The 1968 New Hampshire Democratic presidential primary was held on March 12, 1968, in New Hampshire as one of the Democratic Party's statewide nomination contests ahead of the 1968 United States presidential election. Although President Lyndon B. Johnson defeated Senator Eugene McCarthy in the non-binding presidential preference primary with 49% of the vote, McCarthy's superior organization allowed him to win twenty of the state's twenty-four pledged delegates; Johnson's poor performance in New Hampshire precipitated his decision not to run for re-election, which he announced on March 31.

== Background ==
As opposition to President Johnson's handling of the Vietnam War grew in 1967, antiwar Democrats led by Allard Lowenstein and Curtis Gans formed the Dump Johnson movement, which sought to challenge the President's re-election. Their first choice was Robert Kennedy, who had sufficiently established himself as a critic of the war and an effective popular campaigner. He declined, as did a series of lesser-known candidates, including Senator George McGovern. Lowenstein finally found a candidate in October 1967, when Minnesota Senator Eugene McCarthy agreed to challenge the President. At first, McCarthy merely expressed his interest, telling Lowenstein, "Somebody has to raise the flag." On November 30, 1967, McCarthy publicly announced his campaign for the nomination.

Kennedy continued to demur, despite pressure from his aides to enter the race and worry that antiwar allies, like George McGovern, would begin to make commitments to McCarthy. On January 30, he again indicated to the press that he had no plans to campaign against Johnson.

In early February 1968, after the Tet Offensive in Vietnam, Kennedy received an anguished letter from writer Pete Hamill, noting that poor people in the Watts area of Los Angeles had hung pictures of Kennedy's brother, President John F. Kennedy, in their homes. Hamill's letter reminded Robert Kennedy that he had an "obligation of staying true to whatever it was that put those pictures on those walls." There were other factors that influenced Kennedy's decision to enter the presidential primary race. On February 29, 1968, the Kerner Commission issued a report on the racial unrest that had affected American cities during the previous summer. The Kerner Commission blamed "white racism" for the violence, but its findings were largely dismissed by the Johnson administration.

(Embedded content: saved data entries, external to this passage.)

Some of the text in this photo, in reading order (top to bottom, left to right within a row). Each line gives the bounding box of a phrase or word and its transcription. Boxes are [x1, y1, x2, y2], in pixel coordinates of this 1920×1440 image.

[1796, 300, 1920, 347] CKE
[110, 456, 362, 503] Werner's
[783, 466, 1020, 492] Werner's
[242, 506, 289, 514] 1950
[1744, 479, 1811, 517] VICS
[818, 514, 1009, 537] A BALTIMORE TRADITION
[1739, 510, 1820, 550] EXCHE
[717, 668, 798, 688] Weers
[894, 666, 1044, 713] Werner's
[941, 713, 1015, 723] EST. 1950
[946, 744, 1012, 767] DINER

On March 10, Kennedy told his aide, Peter Edelman, that he had decided to run and had to "figure out how to get McCarthy out of it." However, Kennedy hesitated to enter the race with McCarthy still in and agreed to McCarthy's request to delay an announcement of his intentions until after the New Hampshire primary.

== Campaign ==

Running as an antiwar candidate, McCarthy hoped to pressure the Democrats into publicly opposing the Vietnam War. Trailing badly in national polls and with little chance to influence delegate selection absent primary wins, McCarthy decided to pour most of his resources into New Hampshire. He was boosted by thousands of young college students who volunteered throughout the state, who shaved their beards and cut their hair to "Get Clean for Gene."

== Results ==
This primary election was a nonbinding vote and described as being a "presidential preference poll".

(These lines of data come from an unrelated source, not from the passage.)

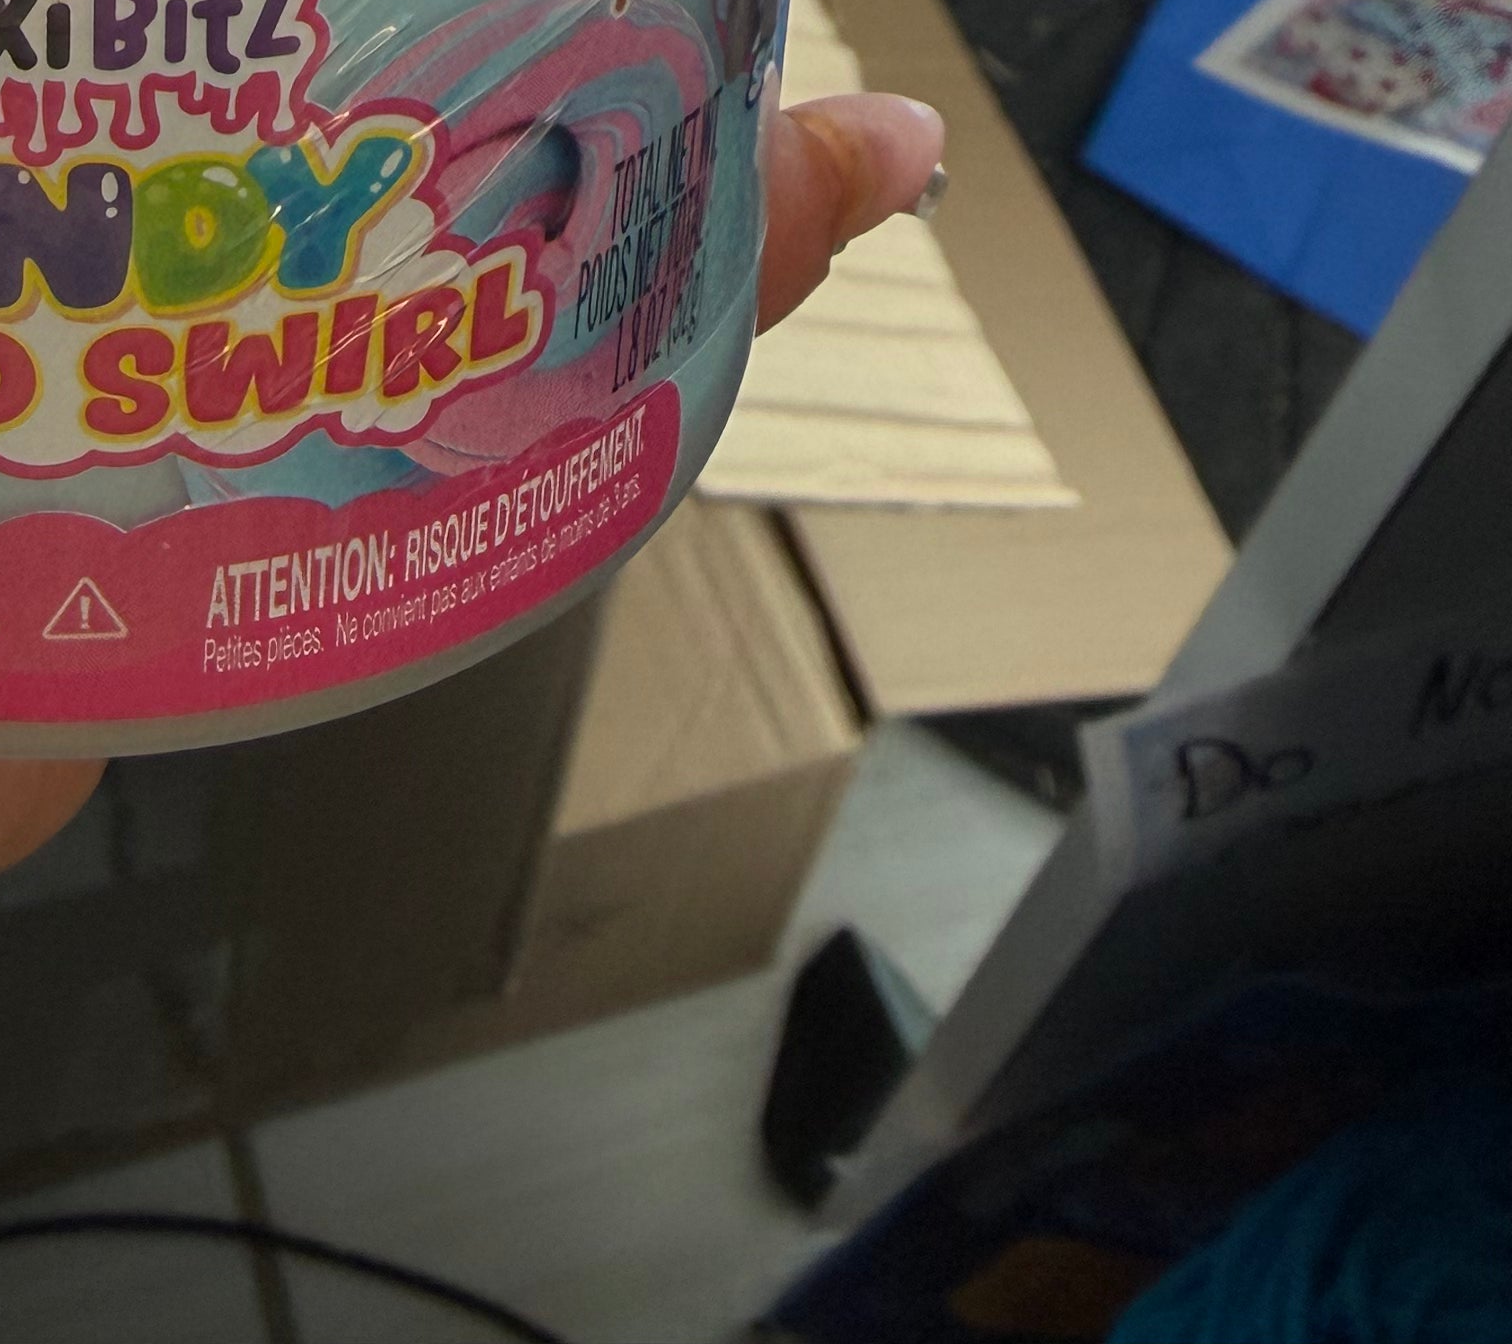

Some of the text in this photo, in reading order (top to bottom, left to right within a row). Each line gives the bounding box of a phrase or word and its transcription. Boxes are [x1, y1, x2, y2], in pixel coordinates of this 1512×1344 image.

[611, 135, 662, 242] TOTAL
[665, 106, 701, 208] NET
[574, 234, 631, 341] POIDS
[631, 210, 667, 304] NET
[644, 283, 668, 371] OZ
[81, 260, 532, 436] SWIRL
[203, 635, 263, 673] Petites
[267, 624, 325, 671] pièces.
[335, 612, 358, 647] Ne
[362, 590, 427, 641] convient
[430, 582, 458, 624] pas
[461, 569, 488, 604] aux
[490, 539, 538, 592] enfants
[541, 524, 557, 564] de
[205, 529, 397, 629] ATTENTION:
[404, 499, 491, 582] RISQUE
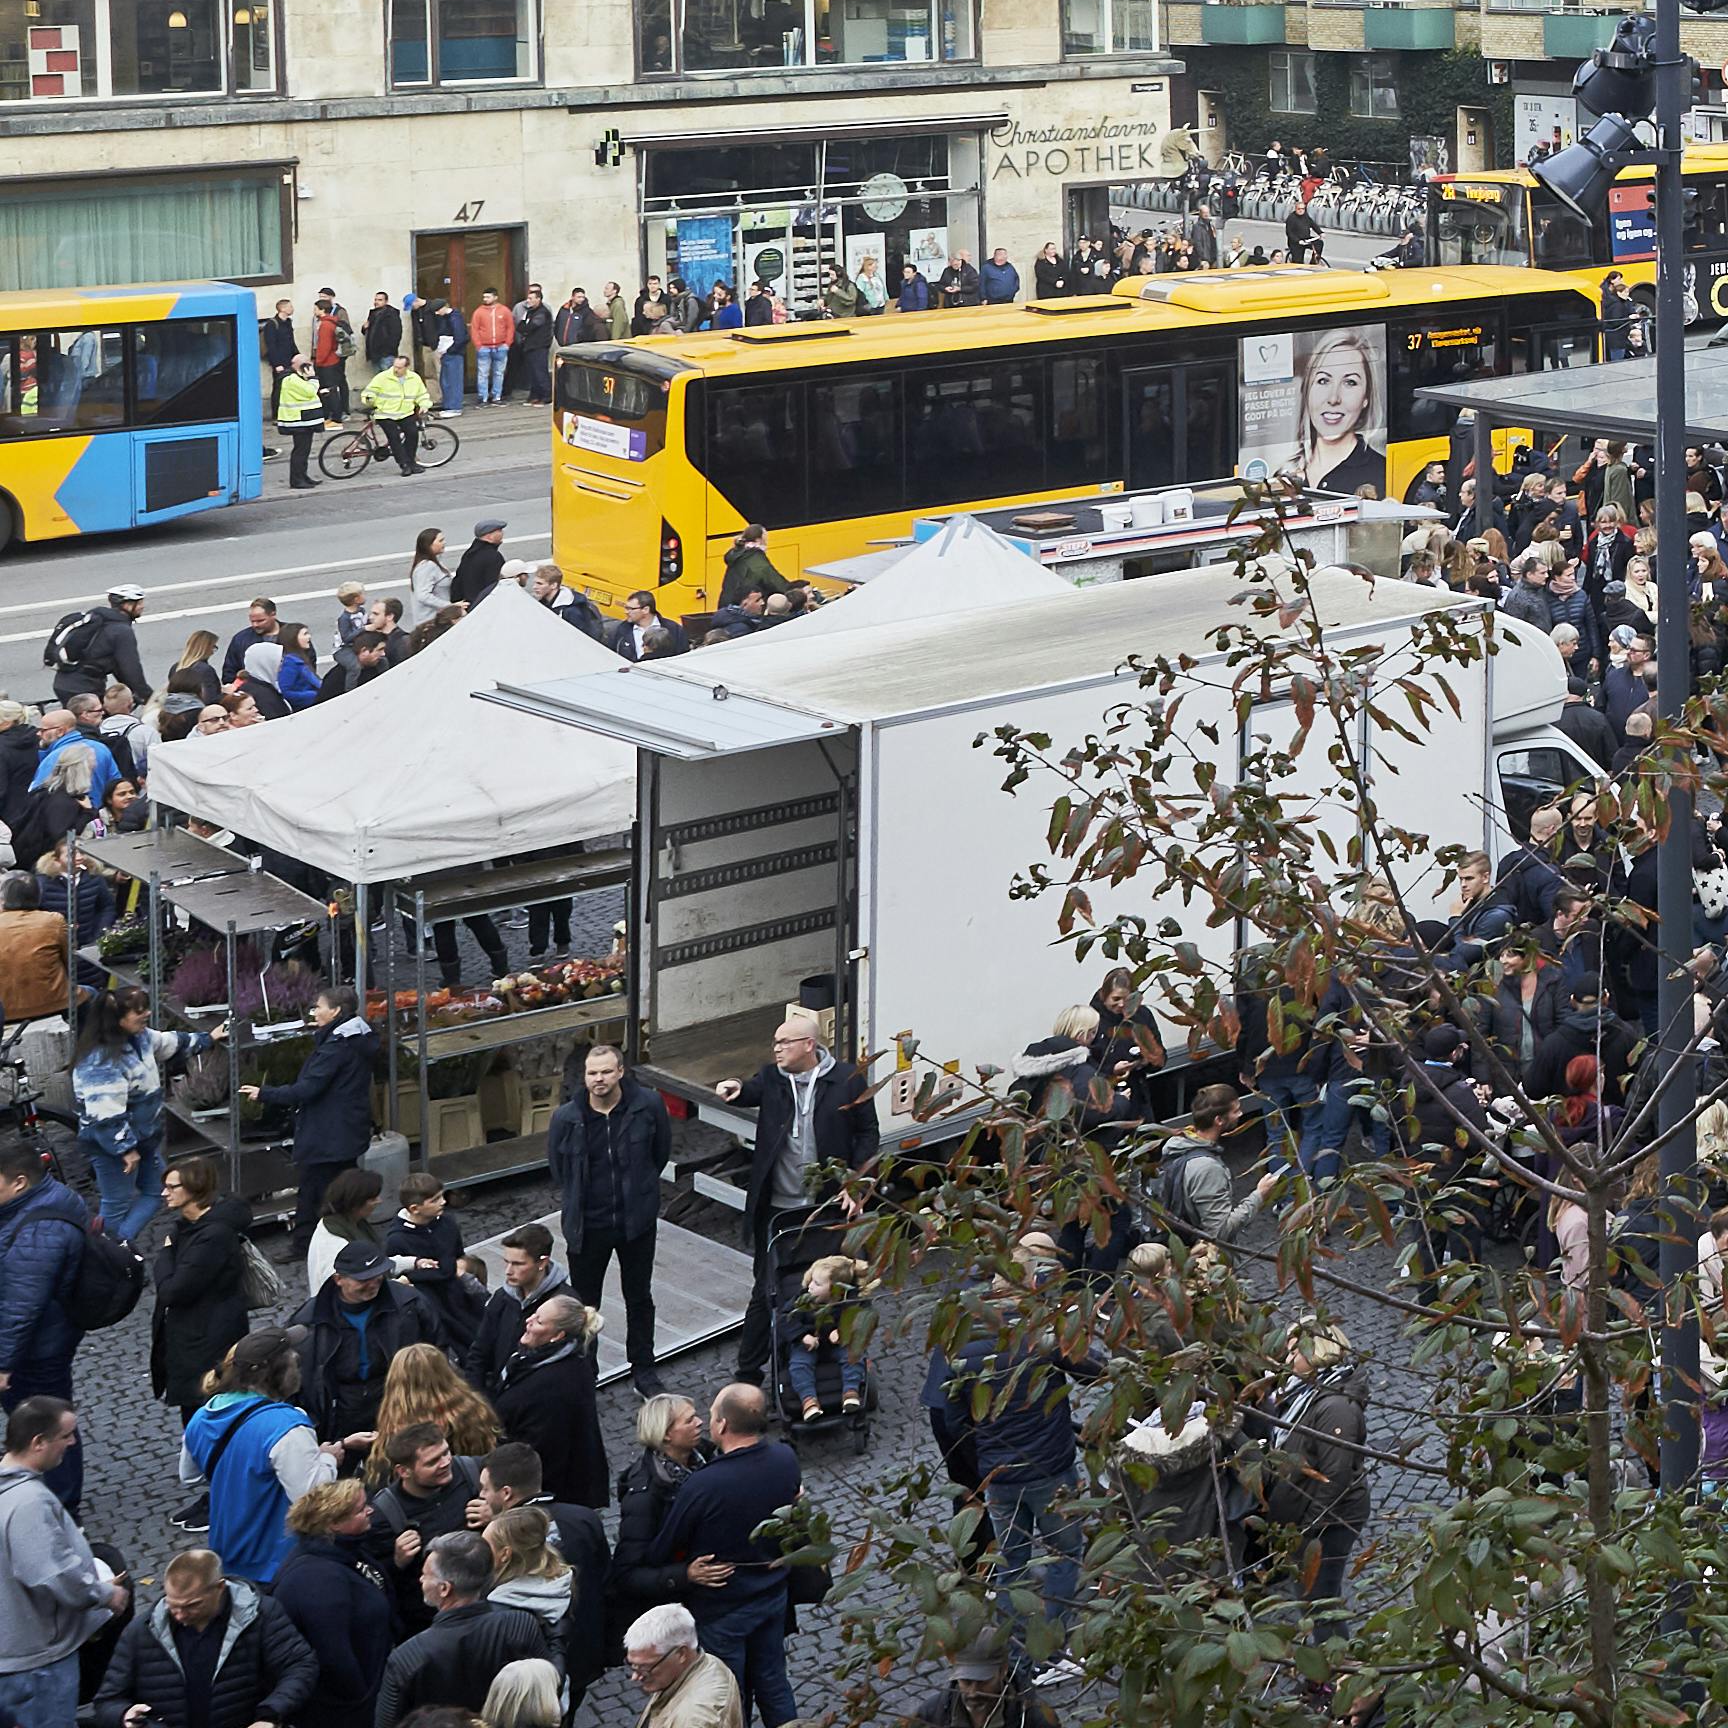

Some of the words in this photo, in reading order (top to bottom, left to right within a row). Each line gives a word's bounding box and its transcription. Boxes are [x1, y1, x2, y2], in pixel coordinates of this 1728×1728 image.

[991, 116, 1157, 147] Christianshavns
[992, 142, 1155, 181] APOTHEK
[453, 200, 486, 223] 47
[1407, 334, 1422, 350] 37
[603, 376, 615, 394] 37
[1244, 390, 1259, 402] JEG
[1244, 399, 1270, 412] PASSE
[1244, 409, 1266, 422] GODT

| Candidate | Number of votes | % of the vote | Delegates |
|---|---|---|---|
| Lyndon B. Johnson (write-in) | 27,243 | 49.4% | 4 |
| Eugene McCarthy | 23,280 | 42.2% | 20 |
| Richard Nixon (write-in) | 2,529 | 4.6% |  |
| Robert F. Kennedy (write-in) | 600 | 1.1% |  |
| Nelson Rockefeller (write-in) | 248 | 0.4% |  |
| George C. Wallace (write-in) | 197 | 0.4% |  |
| Other candidates (write-in) | 1,089 | 1.9% |  |
| Total | 55,186 | 100% | 24 |

On March 12, McCarthy was the only person on the ballot, as Johnson had not filed, and was only a write in candidate. McCarthy won 42% of the primary vote to Johnson's 49%, an extremely strong showing for such a challenger which gave McCarthy's campaign legitimacy and momentum. In addition, McCarthy's superior coordination led to a near sweep of the state's twenty-four pledged delegates; since Johnson had no formal campaign organization in the state, a number of competing pro-Johnson delegate candidates split his vote, allowing McCarthy to take twenty delegates.

== Aftermath ==
Despite his desire to oppose Johnson directly and the fear that McCarthy would split the antiwar vote, Kennedy pushed forward with his planned campaign. On March 16, Kennedy declared, "I am today announcing my candidacy for the presidency of the United States. I do not run for the presidency merely to oppose any man, but to propose new policies. I run because I am convinced that this country is on a perilous course and because I have such strong feelings about what must be done, and I feel that I'm obliged to do all I can." However, due to his late entry, Kennedy's name would not appear on a state ballot until the Indiana primary on May 7.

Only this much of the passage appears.